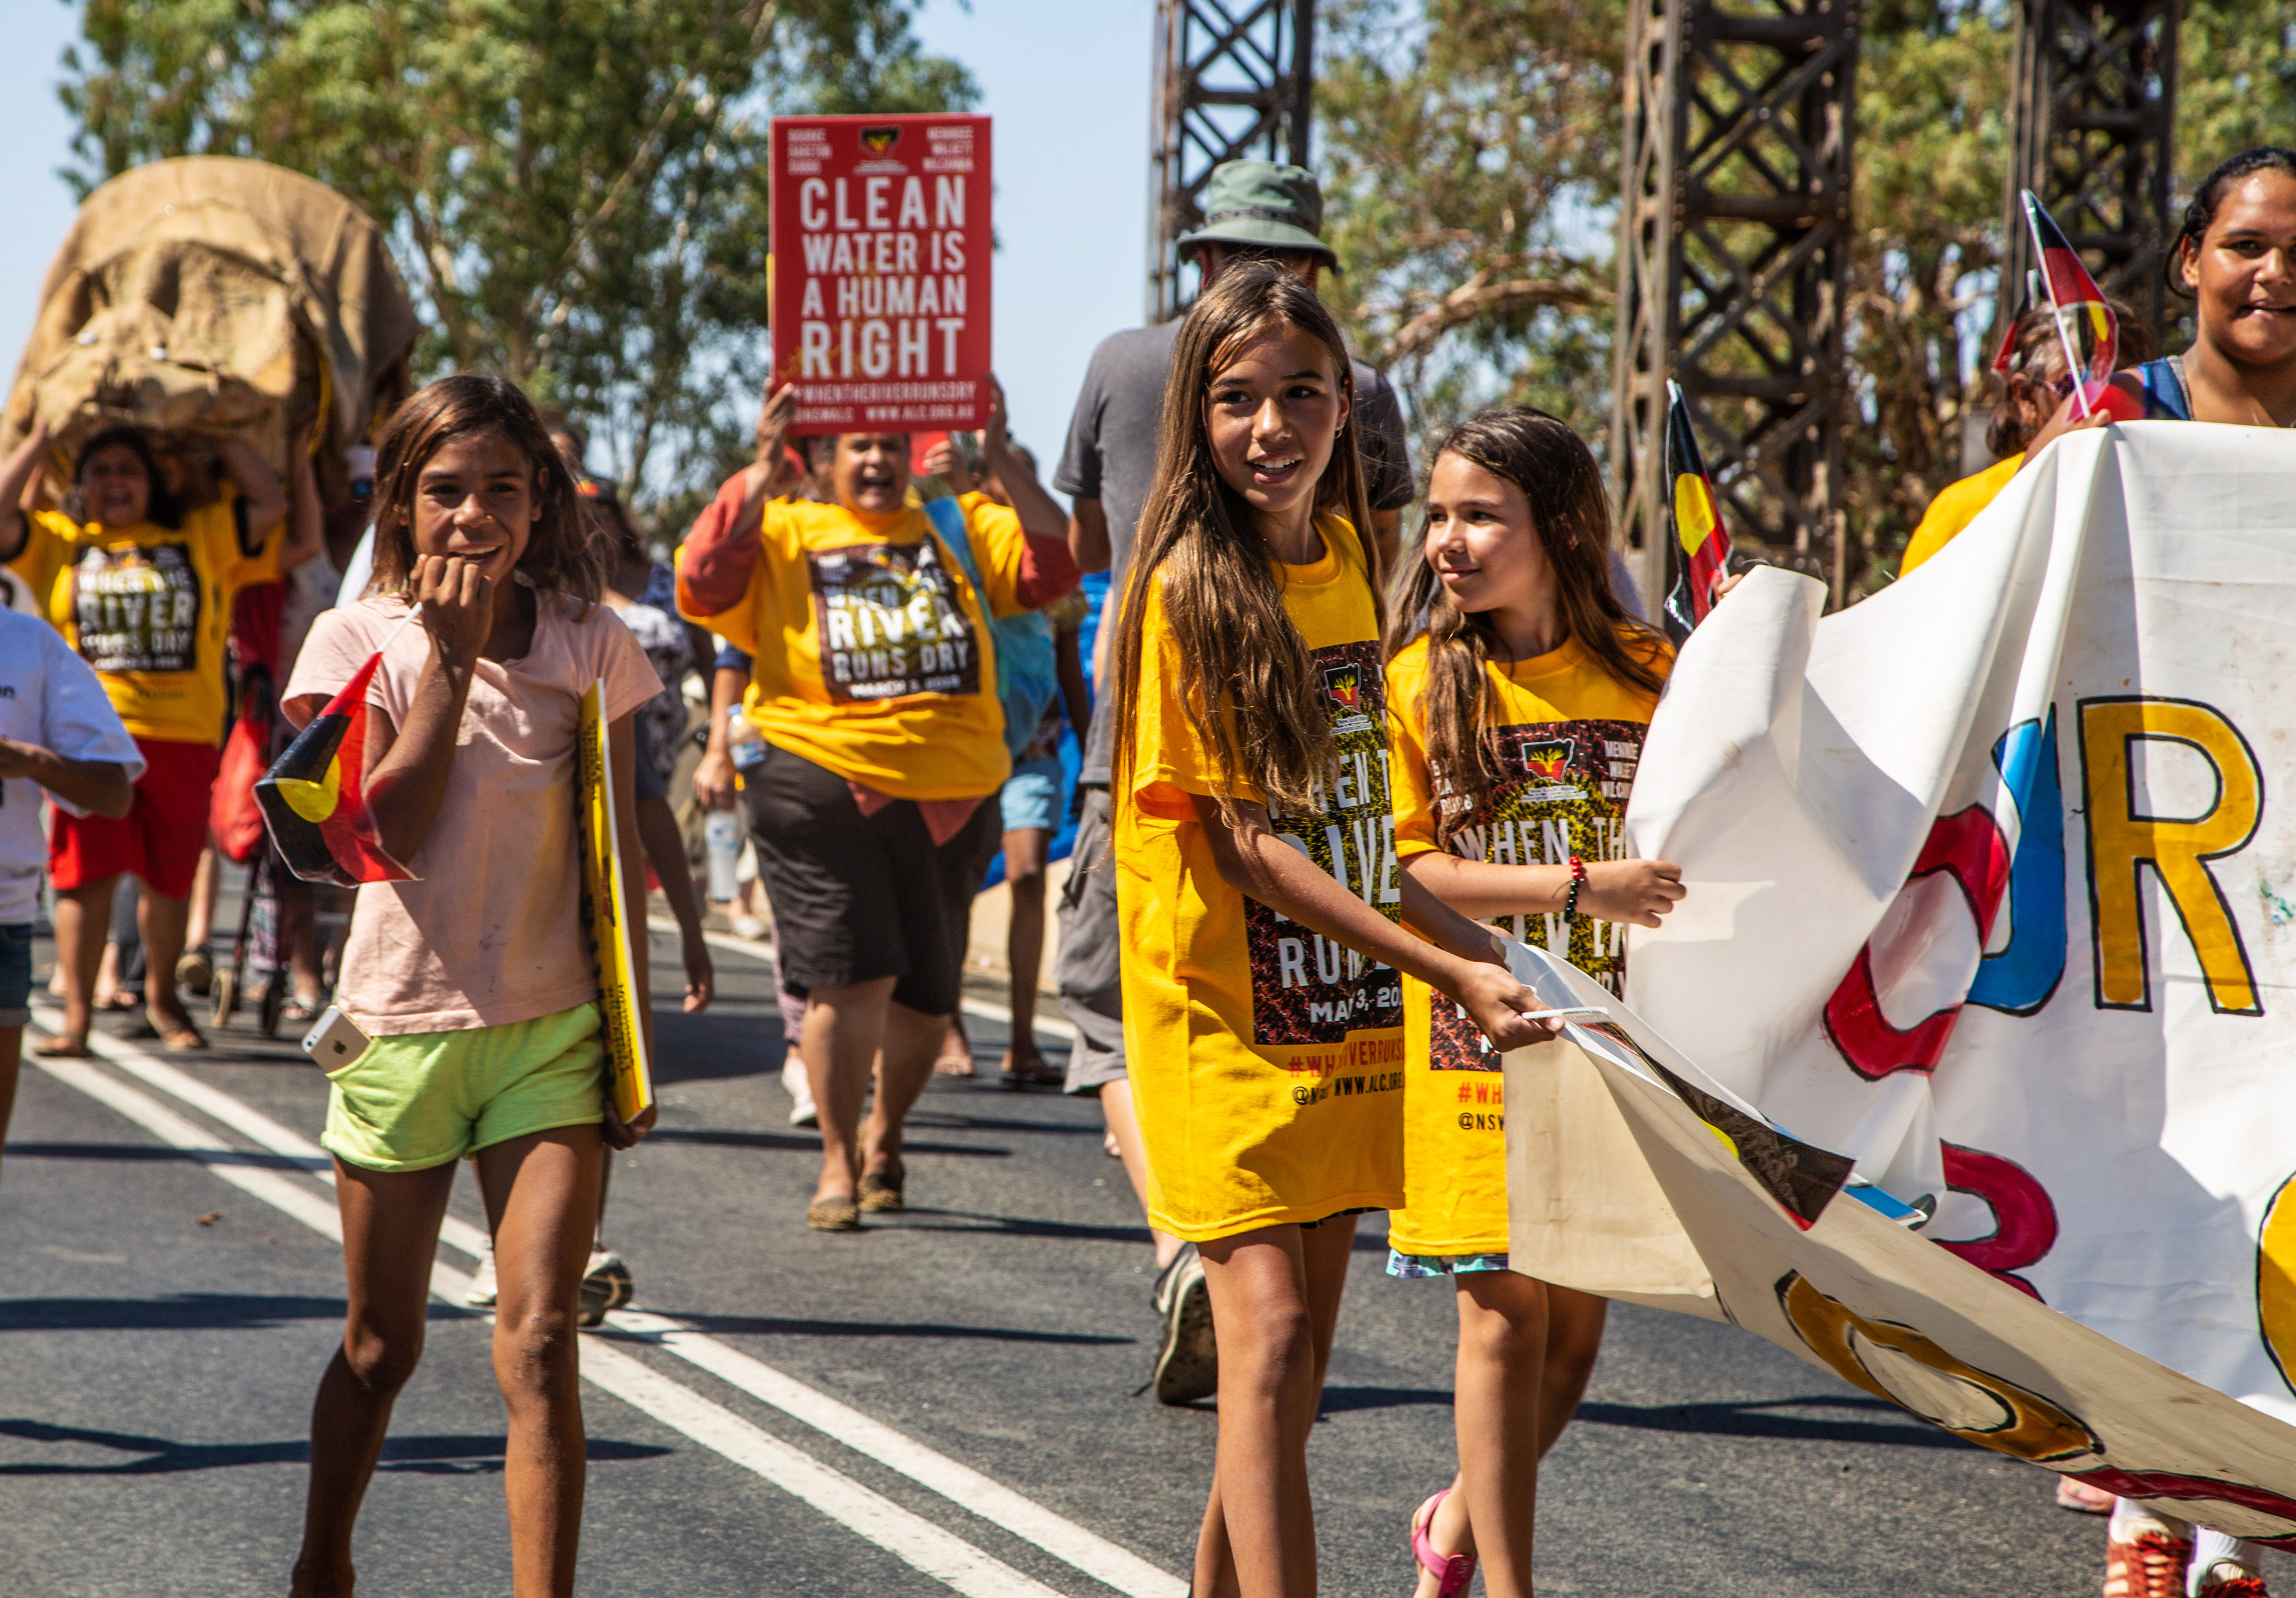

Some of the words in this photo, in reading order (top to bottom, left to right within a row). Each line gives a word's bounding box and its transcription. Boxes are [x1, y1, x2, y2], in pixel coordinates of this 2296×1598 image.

[799, 175, 966, 230] CLEAN
[801, 231, 919, 275] WATER
[931, 230, 966, 274] IS
[801, 277, 825, 318] A
[837, 274, 968, 318] HUMAN
[800, 318, 966, 379] RIGHT
[77, 591, 196, 632] RIVER
[826, 593, 965, 651] RIVER
[832, 647, 907, 683] RUNS
[920, 640, 969, 673] DRY
[1451, 818, 1571, 866] WHEN
[1355, 988, 1369, 1011] 3,
= = = = =
Required action
Would you repeat the listing above exactly, minus the images?

Written solution
Some of the words in this photo, in reading order (top to bottom, left to right within a row). Each line gives a word's bounding box and its transcription. Boxes are [x1, y1, x2, y2], in pixel coordinates of this 2296×1598 image.

[799, 175, 966, 230] CLEAN
[801, 231, 919, 275] WATER
[931, 230, 966, 274] IS
[801, 277, 825, 318] A
[837, 274, 968, 318] HUMAN
[800, 318, 966, 379] RIGHT
[77, 591, 196, 632] RIVER
[826, 593, 965, 651] RIVER
[832, 647, 907, 683] RUNS
[920, 640, 969, 673] DRY
[1451, 818, 1571, 866] WHEN
[1355, 988, 1369, 1011] 3,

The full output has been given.